How about a run that hoses the system? What might that look like? Take a look at the below, for a system that was under-resourced in Kubernetes.
You can see the failure rate jumps super high, and the median response time plummets? Why is that?
The signals
Locust gives you access to three of the four golden signals from the outside of the system. The golden signals from the Google SRE book are Errors, Traffic, Latency and Saturation. Since we don’t have much of an idea what the “saturation” is from the outside (i.e. queue limits, CPU limits etc.) we really can only see:
- Traffic (we know how many users we’re throwing at the system)
- Latency (we have the median and 95% response times in the graphs)
- Errors (we know if we get a 4xx or 5xx error back)

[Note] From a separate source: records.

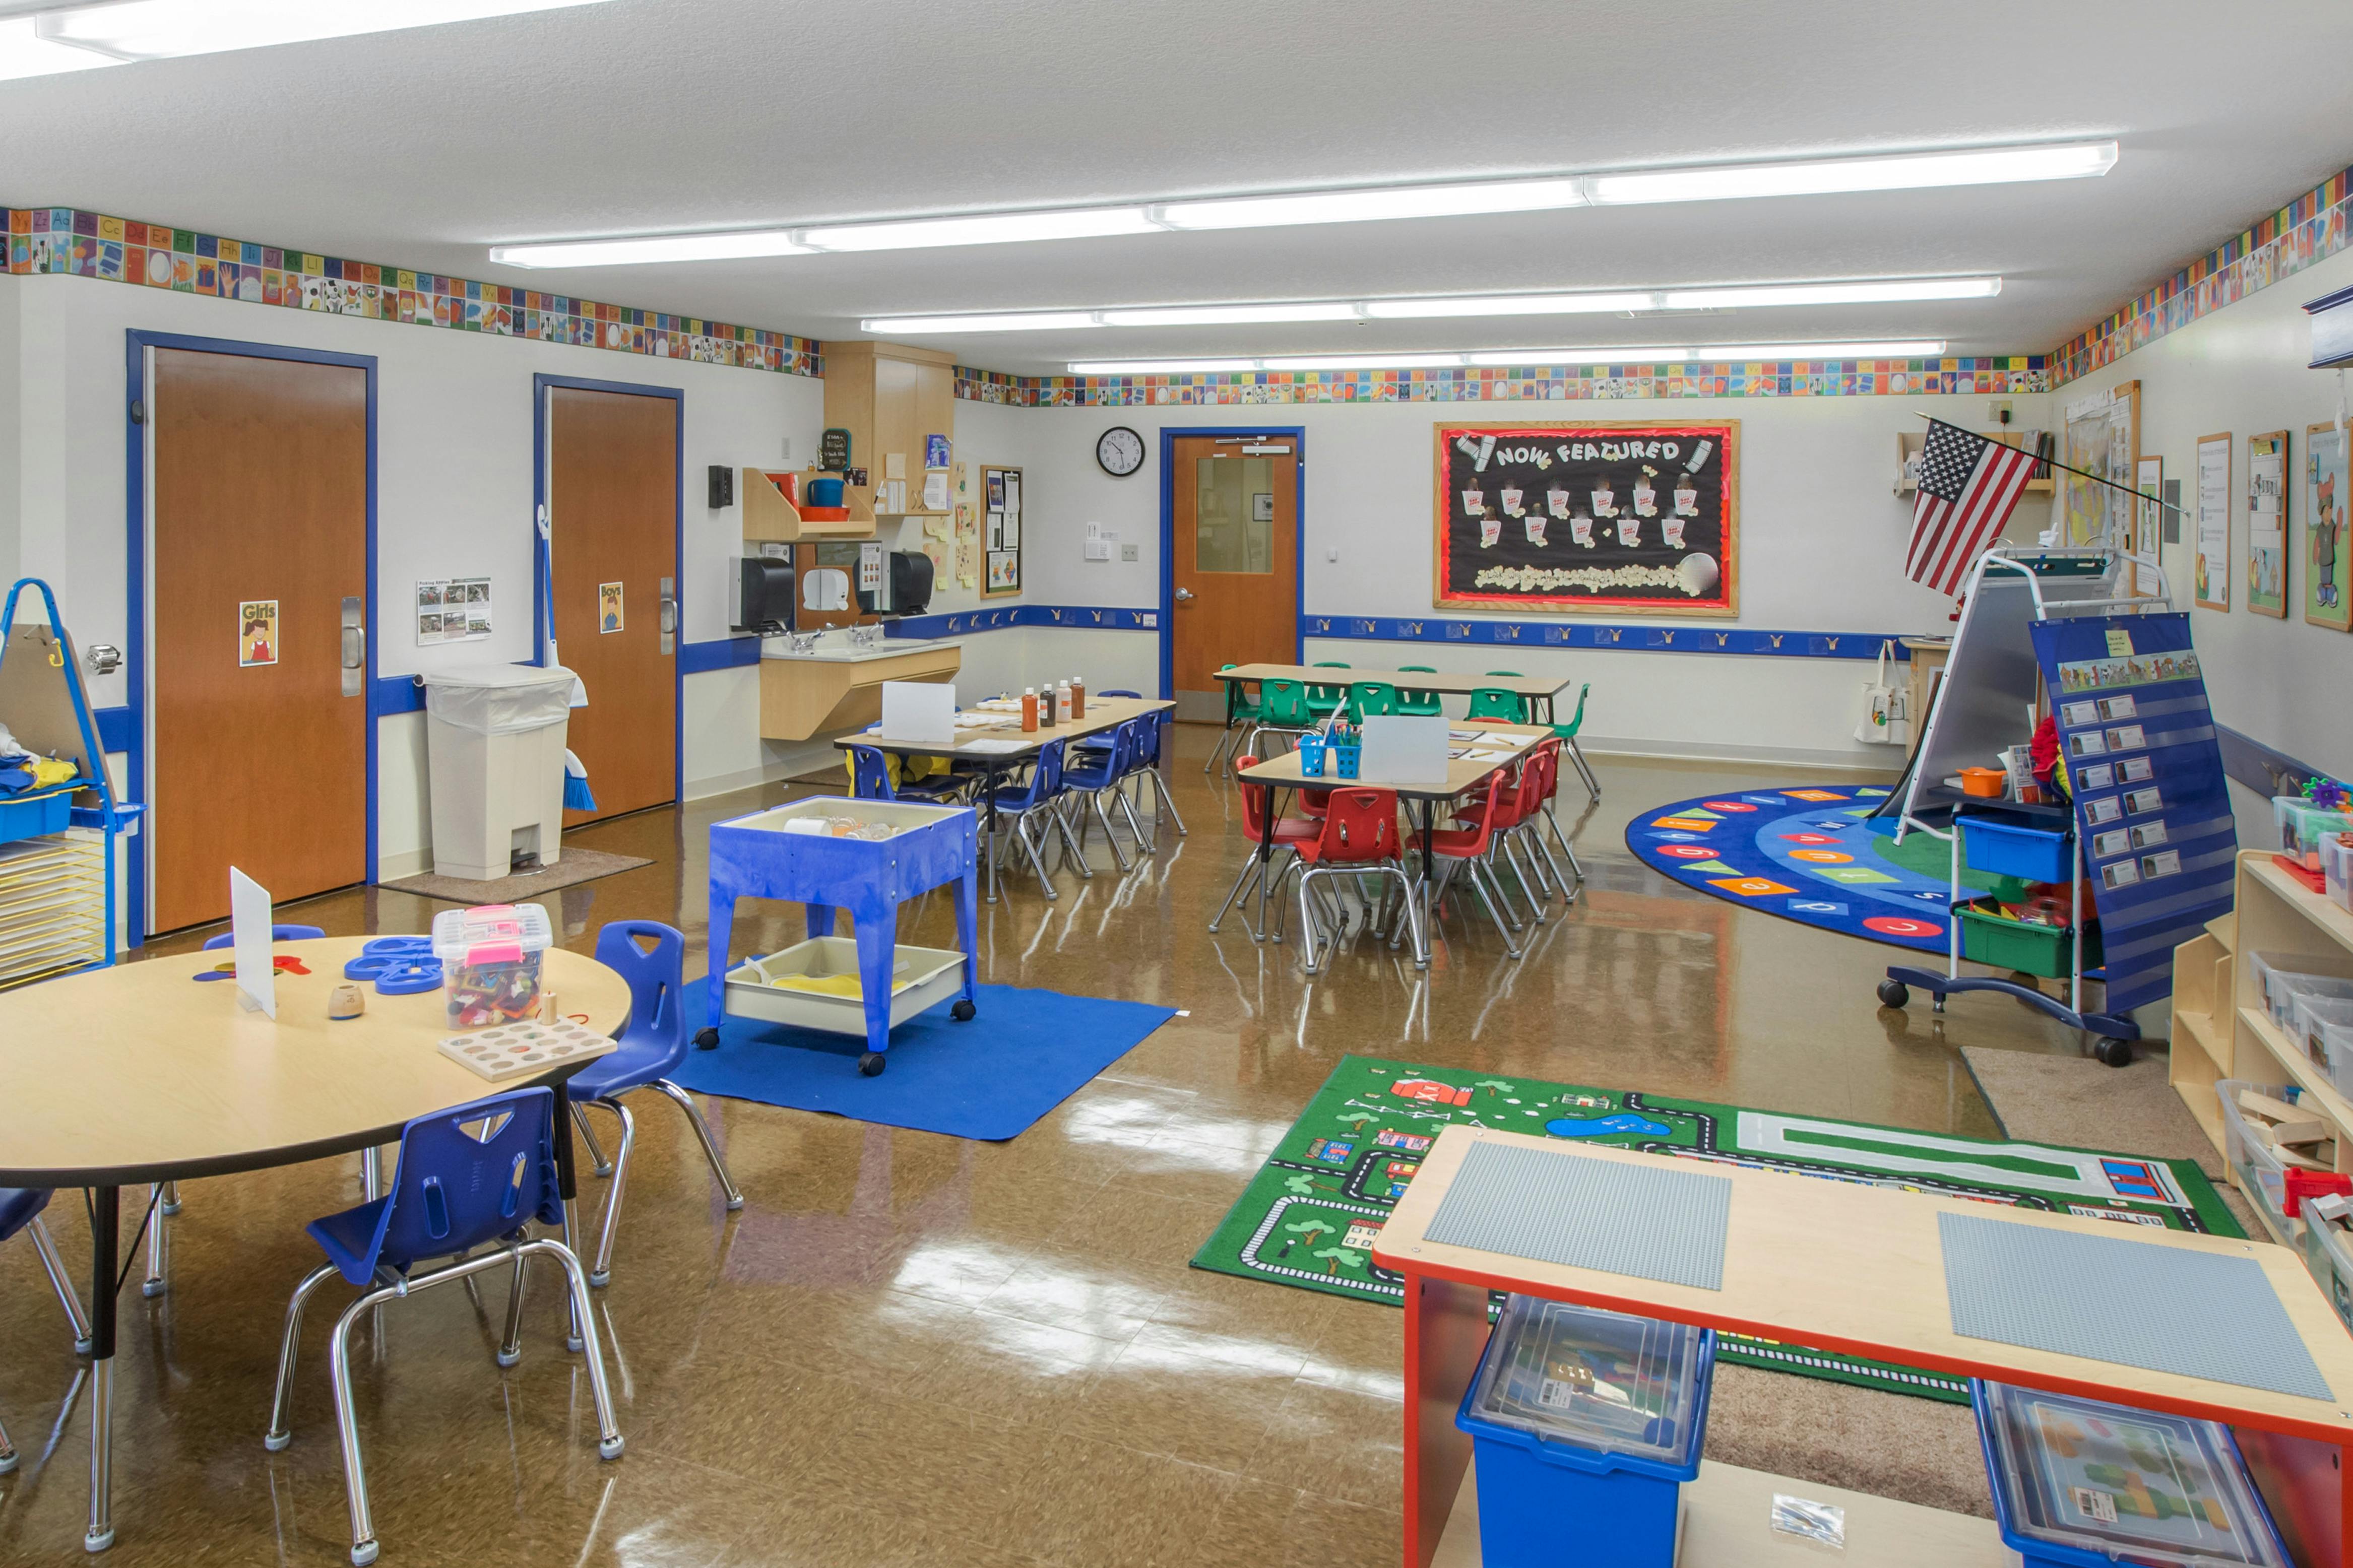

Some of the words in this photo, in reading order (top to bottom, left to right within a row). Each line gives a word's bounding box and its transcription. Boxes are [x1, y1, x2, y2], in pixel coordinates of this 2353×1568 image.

[35, 212, 48, 227] Zz
[52, 211, 70, 226] Aa
[77, 213, 95, 230] Bb
[102, 220, 120, 235] Cc
[126, 225, 144, 239] Dd
[152, 229, 169, 244] Ee
[177, 232, 192, 247] Ff
[222, 242, 238, 256] Hh
[248, 246, 256, 260] Ii
[266, 250, 280, 267] Jj
[286, 251, 301, 267] Kk
[307, 257, 319, 270] Ll
[345, 263, 359, 276] Nn
[363, 267, 378, 280] Oo
[382, 270, 396, 283] Pp
[399, 272, 415, 290] Qq
[418, 275, 429, 287] Rr
[435, 278, 447, 291] Ss
[453, 281, 464, 292] Tt
[468, 284, 480, 296] Uu
[483, 286, 495, 297] Vv
[555, 298, 567, 310] Aa
[583, 303, 593, 314] Cc
[1439, 370, 1452, 379] Aa
[1669, 365, 1682, 376] Qq
[1685, 365, 1696, 374] Rr
[1748, 364, 1759, 372] Vv
[1797, 363, 1808, 373] Yy
[1827, 363, 1840, 371] Aa
[1962, 360, 1970, 368] Ii
[1977, 360, 1989, 370] Jj
[1496, 446, 1550, 467] NOW
[1556, 440, 1680, 463] FEATURED
[601, 586, 621, 598] Boys
[243, 604, 276, 619] Girls
[1676, 848, 1714, 856] g
[1793, 902, 1836, 911] d
[1887, 922, 1918, 931] c

As the errors shoot up, our latency shoots down, because we get really fast error responses. That’s why you generally need to know about more than one signal at a time, otherwise you might think “well we have great responsiveness.” When what’s really happening is that we’re super fast at telling people that the website is down.
The Stats
If you use the UI or headless mode, you’ll get stats that look like so, both continuously updated and finally stated once the test is ended.
What you get that’s more granular from here is a larger set of percentiles broken out, as well as getting them broken out by endpoint. Getting this more fine grained data might be TMI for most people, but can be useful if you’re trying to see which endpoint is causing the larger latency spike, and might be an indicator of an area of improvement.
Summary
Locust makes load testing super easy. It gives you a useful set of signals to tell where errors or latency issues might be occurring, and just requires a simple python library install to get up and running.